Peter Young, Port, Plots and Politics (Penguin Books, 1993):

"There were three main factions:

Libertarians. They gave out stickers and buttons saying things such as 'All Taxes are Theft' and 'Nationalize Crime, Make Sure it Does not Pay.' I was part of this group and we were much seized in those heady days with the notion of being able to privatize everything, including the great sacred cow: National Health. We were the least organized of the three and the most numerous.

Authoritarians. They might have gone by a different name, but that is what we called them and so did their other opponents within the Tory student groups. They were the ones who would be as likely to invite Enoch Powell to speak and bang on about immigration as support Mrs. Thatcher. Given our ethos was open borders and free trade, we libs did not have much tuck with them.

Wets. They called themselves moderates, but wet they were. Heathites to a man (and girl) and terrified of Thatcherism. They mostly hid in plain sight, but when it came time to vote, you would be surprised by their sudden emergence and the numbers they could wield. They had no true leaders up in Scotland, but the English wets were more organized.

As Chairman of the FCS, I tried to keep a herd on all three, but it was hard. There were fundamental differences between a Keynesian Heathite talking about the need to reduce unemployment and us libertarians telling them their theories were rubbish, only to turn around and have to watch Powellites hold dinners to raise money to UNITA rebels in Angola because they were fighting Trots. UNITA rebels might have very well been fighting Trots, but it did not make them nice people worthy of support."


Tim Linacre, Tory Boys, (Pimlico, 1999):

"There were incidents. We proved a mite embarrassing to Party Chairman John Gummer, who, as a hangover of the Heathite age, hated us on sight due to us purging wets from ranks of FCS leadership. He tried to find a way to disassociate us from the Party, but could not. Then stories began appearing in wet rags about us causing riots in the streets, giving out Nazi salutes, racially abusing staff from West Indies and selling 'Hang Nelson Mandela' posters. There were no witnesses to any of this, but plenty of stories. Peter (Young) and I steered the ship clear of icebergs and hanged on long enough to see Mr. Gummer off. We had hoped Mr. Tebbit would more tolerant of us, but it was no luck.
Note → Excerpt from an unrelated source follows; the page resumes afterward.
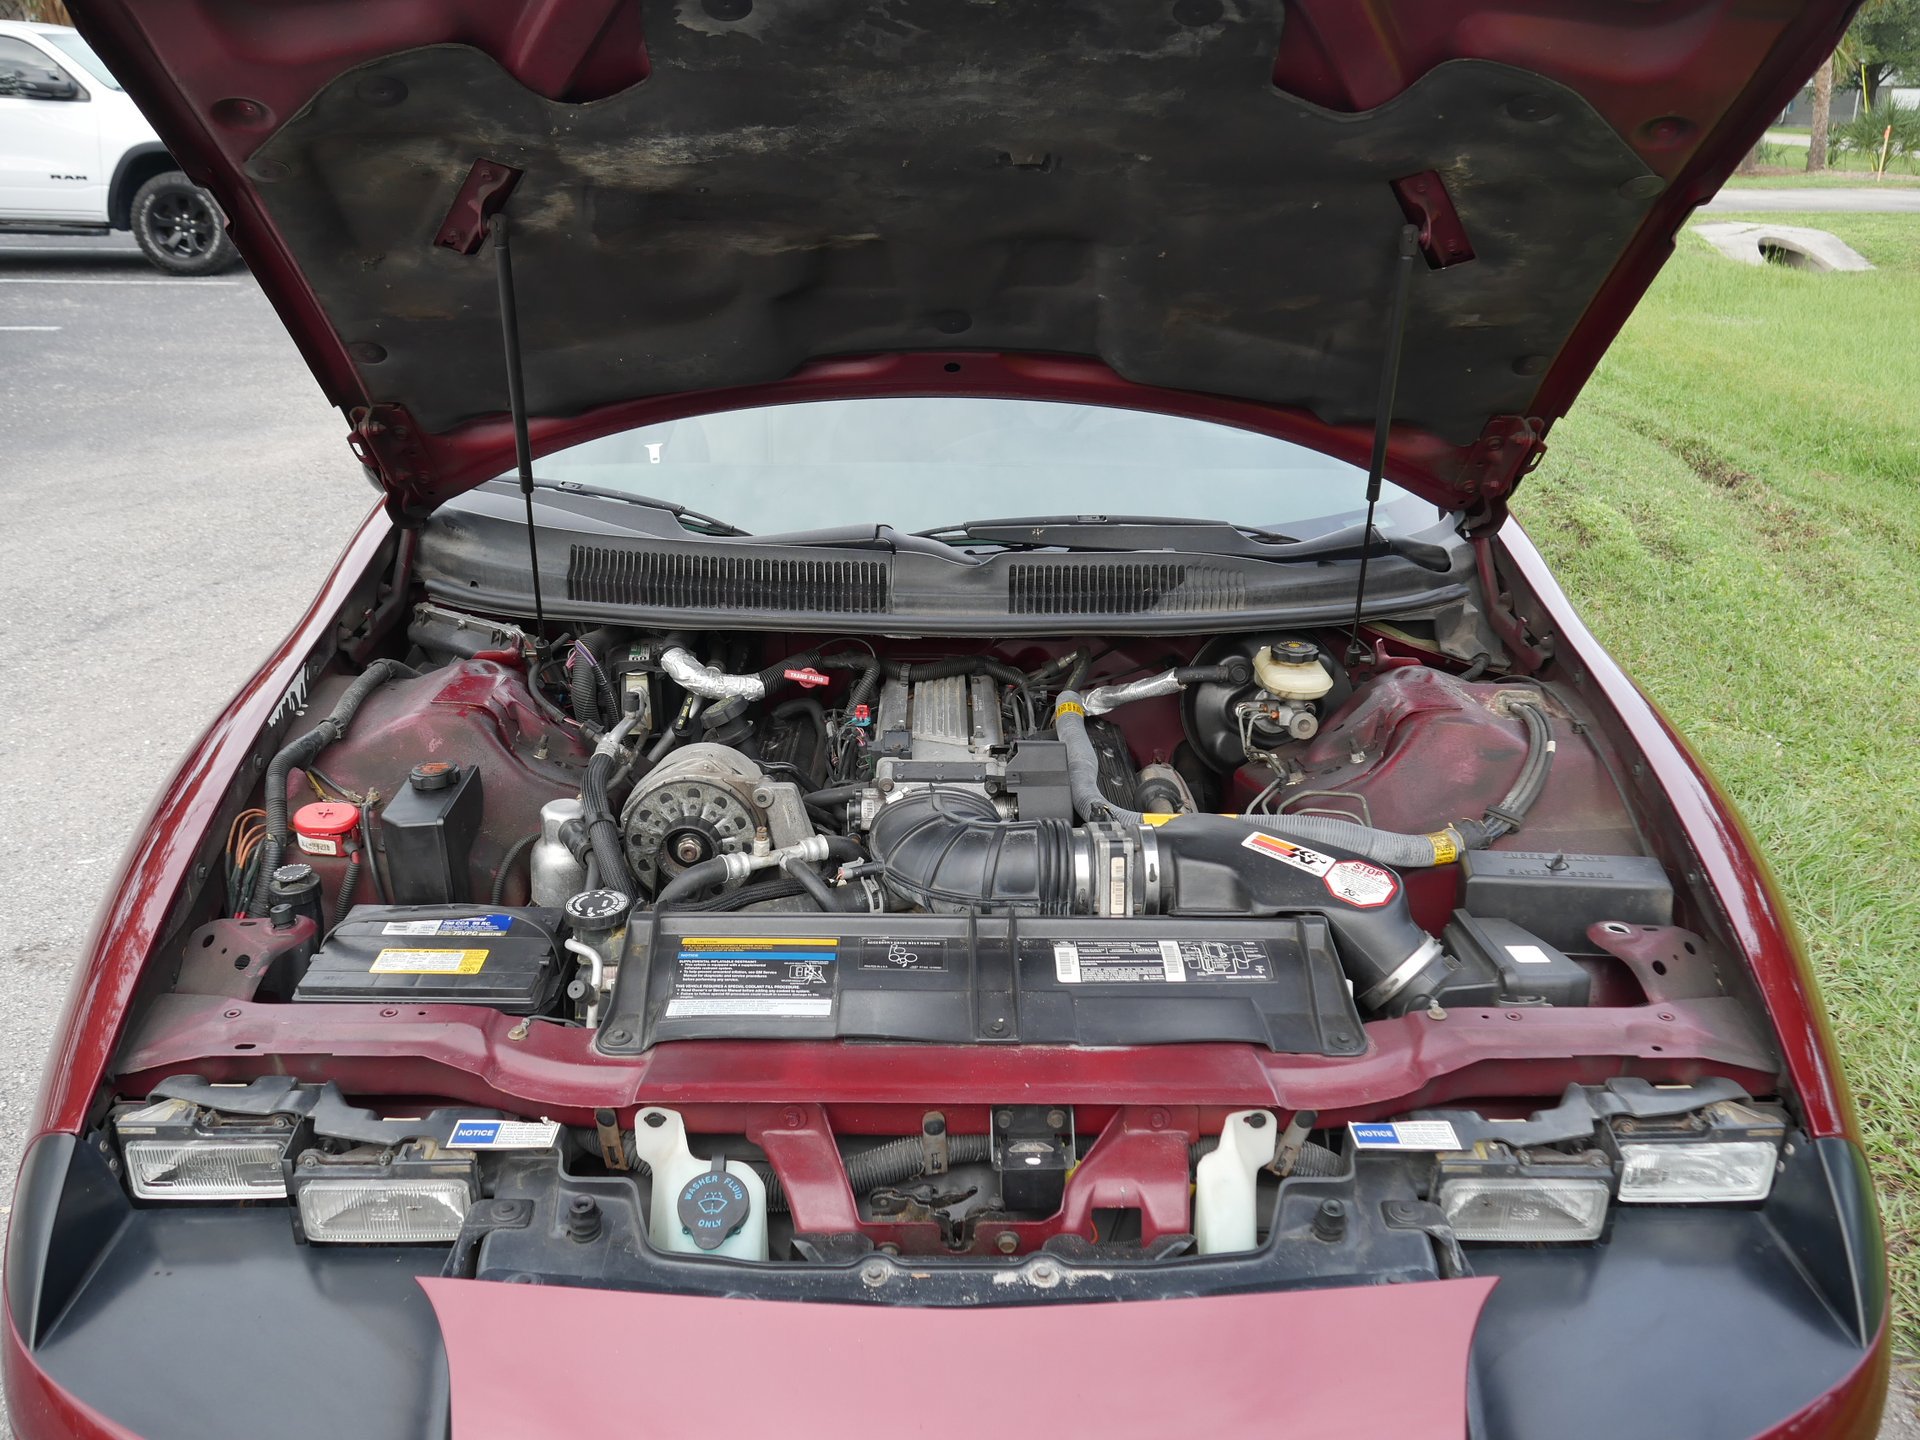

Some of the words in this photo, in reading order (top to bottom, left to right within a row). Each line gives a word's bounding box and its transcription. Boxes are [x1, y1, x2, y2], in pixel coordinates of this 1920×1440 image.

Brian found him difficult."


Brian Monteith, The Rise and Fall of Thatcherite Tory Edinburgh, (Constable, 2009):

"Tebbit hated us worse than Gummer. Gummer hated us on ideological grounds. Tebbit hated us on organizational lines. He was trying to ensure all Tories would win everywhere they ran, regardless of their political purity. He wanted us to be the shock troops of the Party. We would not play his game. We would support only those Tory candidates whose politics we supported. Simply putting on a blue rosette and standing against Labour and Liberals would not rouse our sympathy. Who knows where it all would have ended had Tebbit not been sacked in the King's Purge and Peter Brooke was not made Party Chairman in '86. At first we thought he was on our side and much welcomed his elevation, but then we realized he was merely trying to coax unity from all involved. Convinced as he was he had won our trust he tried to ram through some piece of paean to the mighty works of Tom King through paper. Our editors were not enthused and modified the article."


John Bercow, Thatcher, Thatcherism, and Thatcherites, (Faber, 1998):

"'The FCS Manifesto' as it became known called on Mr. King to prove his Thatcherite mettle by privatizing the National Health Service and deregulating broking firms by allowing them to trade as well. It must be said that while Mrs. Thatcher disavowed the former, she did endorse the latter. Some of the Cabinet ministers supported her view, while others supported that of the FCS, still others disapproved of both measures. The rifts within the heretofore seemingly monolithic arch-dry Thatcherite Cabinet were suddenly made visible, less than three months into its existence. It caused much bad press and plenty ill will. Then came the Diaries."